In Chinese, ‘mala’ means spicy and numbing, and ‘tang’ means boiling hot. The fiery soup originated along the river Yangtze in Sichuan, where people earned their livelihood by towing boats upstream. These people threw ingredients that included raw meat and vegetables together into a pot of boiling water to create a wholesome meal. Over time, seasonings like chilli and Sichuan peppercorns were added. Chinese medicine believes that this concoction combats wet weather. And so, malatang became popular and spread to other parts of China by 2010.
Malatang could be considered a hotpot that’s served fast food style, but it isn't exactly the hotpot that most people are familiar with. It doesn’t involve fishing in broth for meat but rather a personalised portion for everyone. Shops sering malatang in China cook it for customers, while diners are supposed to cook the ingredients for a hotpot themselves. In the US, it is recommended to pick your own ingredients for Malatang and pay by weight, which comes to approximately $3 per 100 grams.
Ingredients for Malatang include fresh noodles, vegetables like mushrooms and lotus root, seafood like squid, prawns and scallops, sliced meat like lamb and beef, tofu and more. Some restaurants even offer tripe. Most malatang restaurants allow diners to ask for the level of spice they desire.
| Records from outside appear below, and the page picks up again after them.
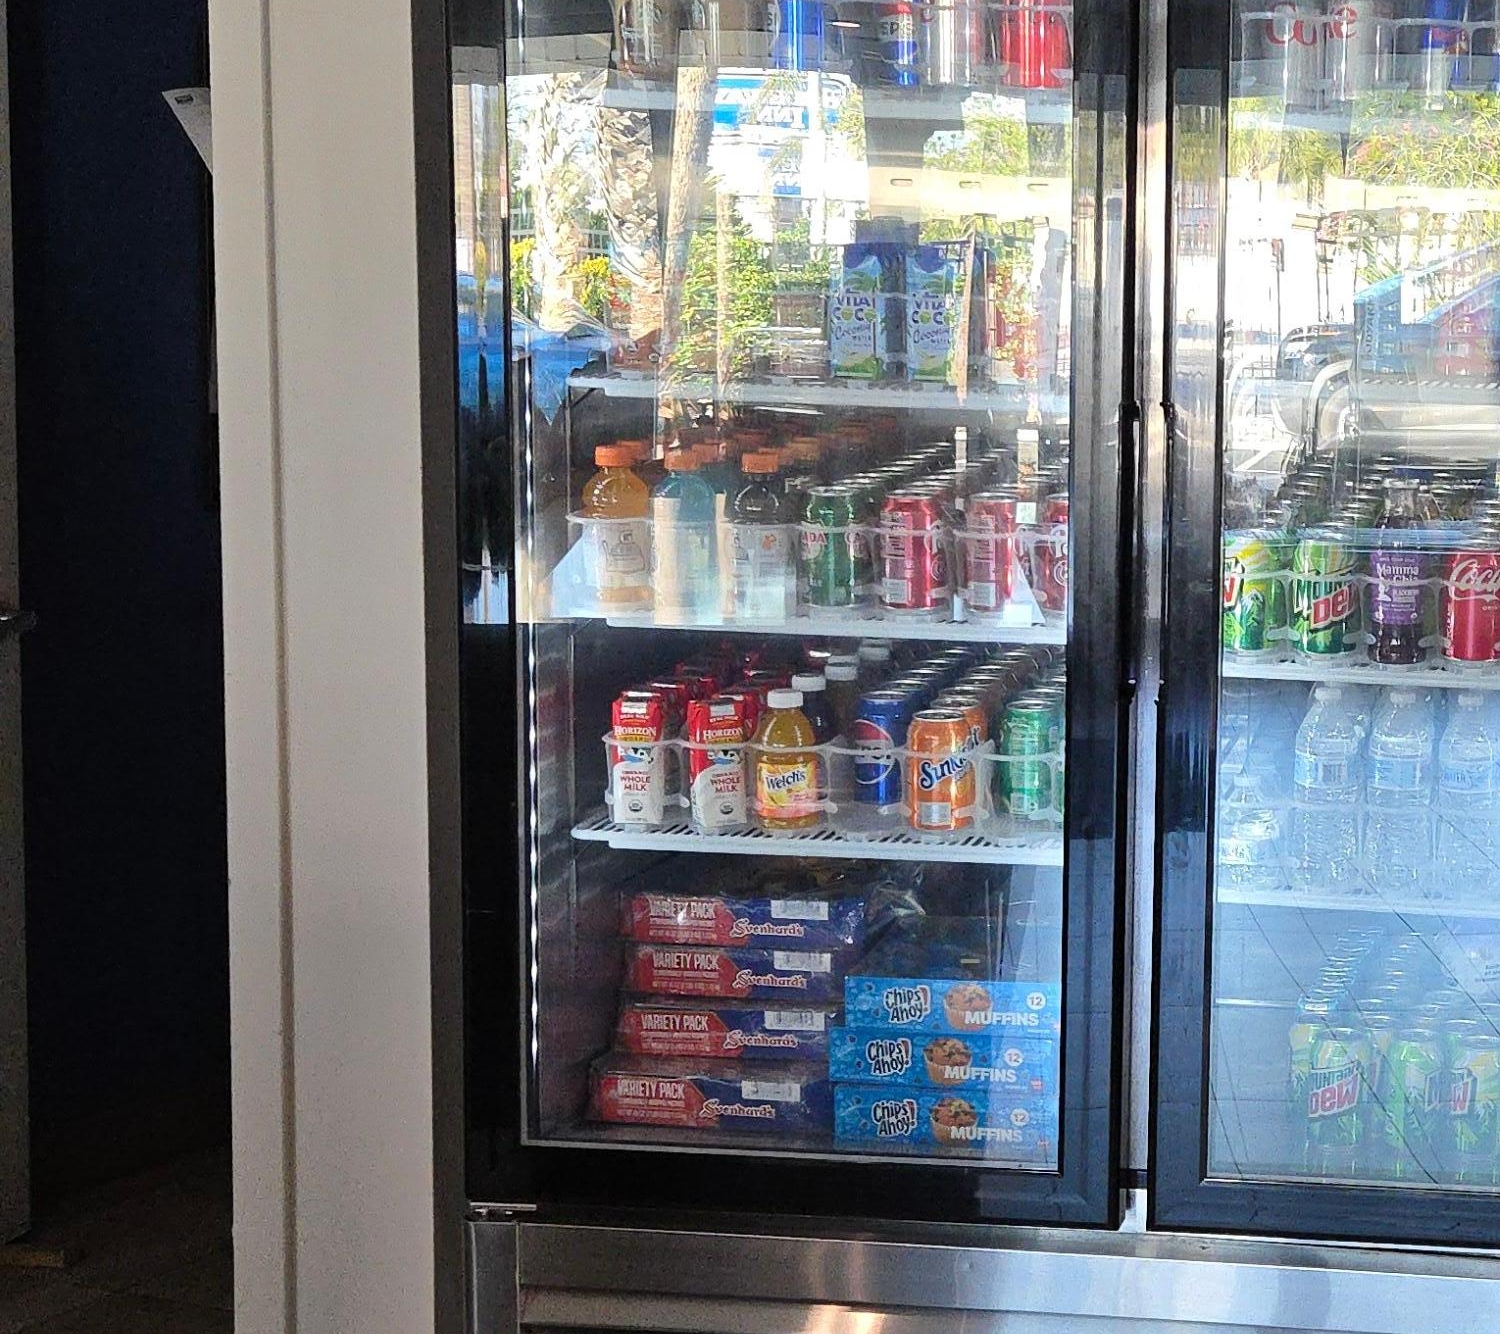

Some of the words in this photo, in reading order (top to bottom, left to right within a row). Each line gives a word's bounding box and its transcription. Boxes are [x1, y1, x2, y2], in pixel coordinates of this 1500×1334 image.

[1376, 563, 1420, 576] Mamma
[613, 725, 658, 737] HORIZON
[703, 726, 744, 740] HORIZON
[620, 775, 651, 784] WHOLE
[623, 782, 648, 792] MILK
[710, 776, 740, 786] WHOLE
[765, 769, 807, 789] Welch's
[714, 784, 739, 794] MILK
[649, 900, 690, 918] VARIETY
[690, 901, 717, 919] PACK
[730, 918, 805, 938] Svenhard's
[652, 951, 692, 969] VARIETY
[693, 953, 720, 970] PACK
[732, 969, 808, 989] Svenhard's
[884, 986, 922, 1009] Chips
[1028, 995, 1043, 1007] 12
[889, 998, 931, 1024] Ahoy!
[964, 1011, 1040, 1027] MUFFINS
[640, 1013, 682, 1030] VARIETY
[682, 1015, 709, 1032] PACK
[723, 1029, 799, 1049] Svenhard's
[866, 1040, 903, 1063] Chips
[1007, 1052, 1021, 1064] 12
[871, 1052, 912, 1076] Ahoy!
[943, 1066, 1018, 1083] MUFFINS
[617, 1079, 657, 1097] VARIETY
[657, 1082, 685, 1100] PACK
[700, 1098, 776, 1118] Svenhard's
[872, 1100, 909, 1124] Chips
[877, 1113, 918, 1137] Ahoy!
[949, 1126, 1024, 1143] MUFFINS
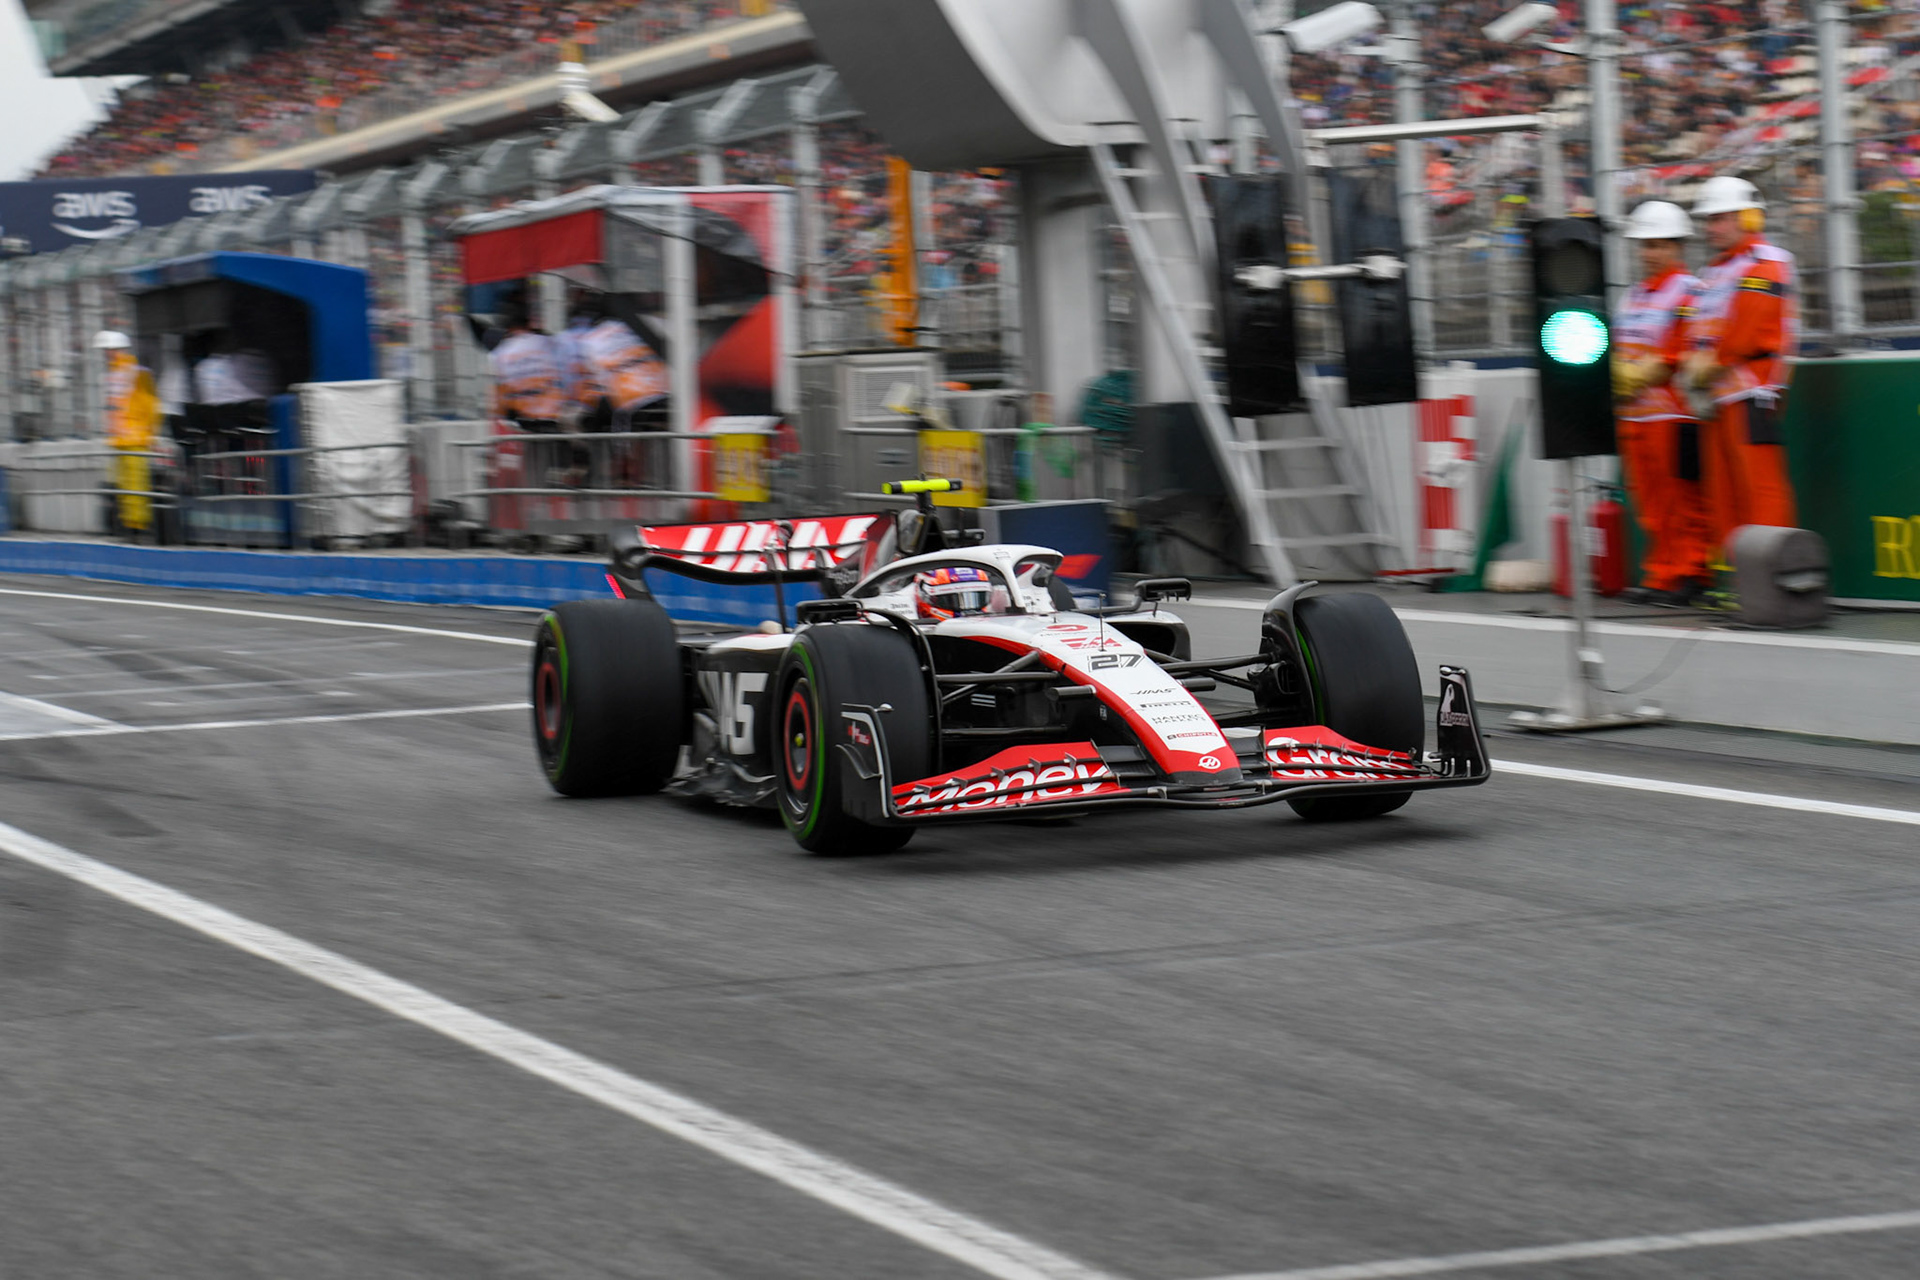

My first brush with Malatang was at a popular Chinese restaurant called M&L in Dublin. M&L specialises in Sichuan cuisine and is one of the few restaurants in Dublin to serve malatang. It comes in a big bowl: lotus root, tofu, mushrooms and glass noodles swimming in a deep red broth. The Sichuan peppercorns add heat, which is exacerbated by dried red chillies. M&L’s malatang tastes very much like hotpot, but is even better. It’s a very welcome bowl of comfort on a dreary, rainy day.